■ What is being asked ■
Please output the data exactly, minus pictures.

■ Listed entries ■
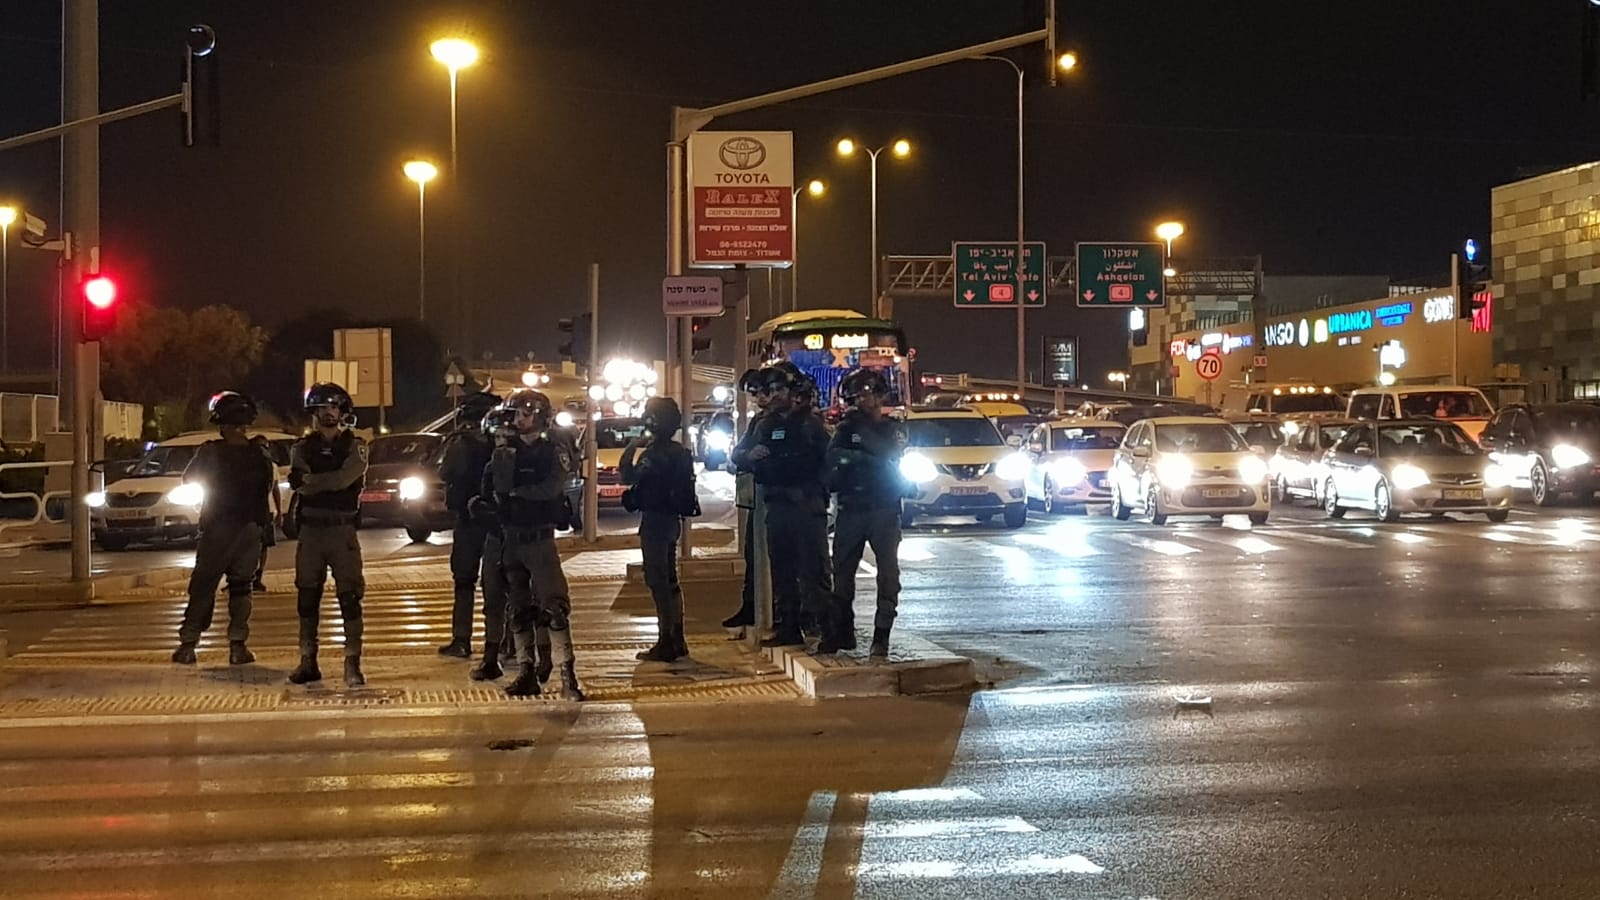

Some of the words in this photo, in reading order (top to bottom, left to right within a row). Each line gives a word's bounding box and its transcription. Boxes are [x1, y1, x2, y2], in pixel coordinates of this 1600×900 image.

[715, 173, 770, 184] TOYOTA
[705, 189, 780, 205] RALEX
[756, 249, 781, 257] אשדוד
[1103, 248, 1140, 259] אשקלון
[962, 272, 979, 281] Tel
[1096, 272, 1145, 283] Ashqelon
[1328, 310, 1373, 334] URBANICA
[1170, 339, 1186, 357] FOX
[1202, 360, 1218, 374] 70

■ Response for this exercise ■
Some of the words in this photo, in reading order (top to bottom, left to right within a row). Each line gives a word's bounding box and its transcription. Boxes are [x1, y1, x2, y2], in pixel coordinates of this 1600×900 image.

[715, 173, 770, 184] TOYOTA
[705, 189, 780, 205] RALEX
[756, 249, 781, 257] אשדוד
[1103, 248, 1140, 259] אשקלון
[962, 272, 979, 281] Tel
[1096, 272, 1145, 283] Ashqelon
[1328, 310, 1373, 334] URBANICA
[1170, 339, 1186, 357] FOX
[1202, 360, 1218, 374] 70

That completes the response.